The present invention relates to utility networks and, more particularly, to a system and method of operating a utility network management system for network-based registration of devices associated with the delivery of commodities provided by utilities, and address resolution for such devices.
The American National Standards Institute (ANSI) has developed a series of standards and associated protocols to enable data generated by utility meters, e.g. electric meters, to be electronically communicated. Similarly, protocols have been developed for communication with Distribution Automation (DA) devices employed in the delivery of utility services. The invention disclosed herein deals with addressing, address resolution, and the infrastructure required to provide comprehensive network services that are supported by these standards.

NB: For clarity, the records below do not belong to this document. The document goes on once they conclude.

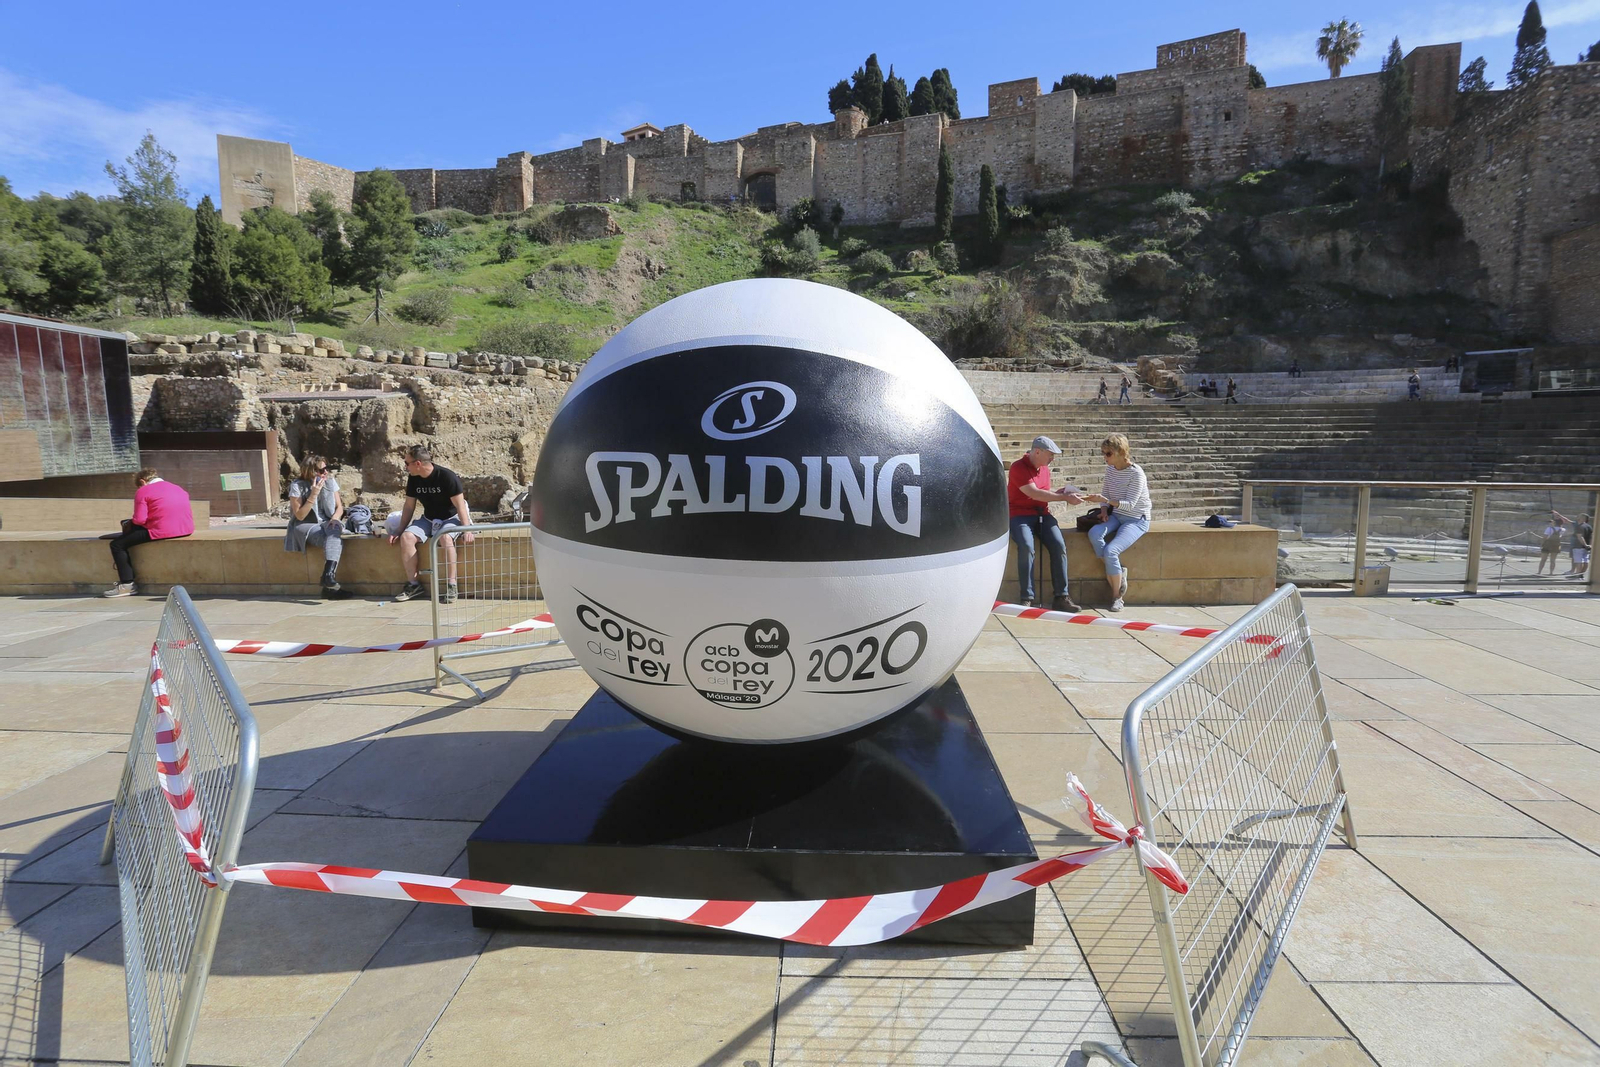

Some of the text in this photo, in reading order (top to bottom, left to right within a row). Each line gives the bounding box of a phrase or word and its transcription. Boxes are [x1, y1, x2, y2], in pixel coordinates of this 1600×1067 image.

[732, 390, 765, 429] S
[584, 451, 921, 538] SPALDING
[587, 639, 671, 682] del rey
[705, 644, 740, 658] acb
[806, 621, 928, 682] 2020
[700, 658, 769, 677] copa
[706, 692, 742, 702] Málaga
[707, 676, 775, 695] del rey

For example, ANSI C12.19 defines the formats for meter data and structure of tables containing such data. Earlier versions of the ANSI metering protocols provided for media-dependent mechanisms to interface with meters that conform to the ANSI C12.19 standard. Two of these earlier versions are germane to an understanding of the context of the present invention:                ANSI C12.18 (or PSEM) was designed to interface meters over a serial port. It allowed for a primitive set of protocol operators (or “verbs”) that allowed programmatic interrogation (i.e., “reads”) and programming (i.e., “writes”) to meters. This interface was initially designed for handheld devices, but came to be used by a non-standardized set of communication modules for networking meters.        ANSI C12.21 extended C12.18 to provide an interface to meters via modems that communicate over telephone systems.        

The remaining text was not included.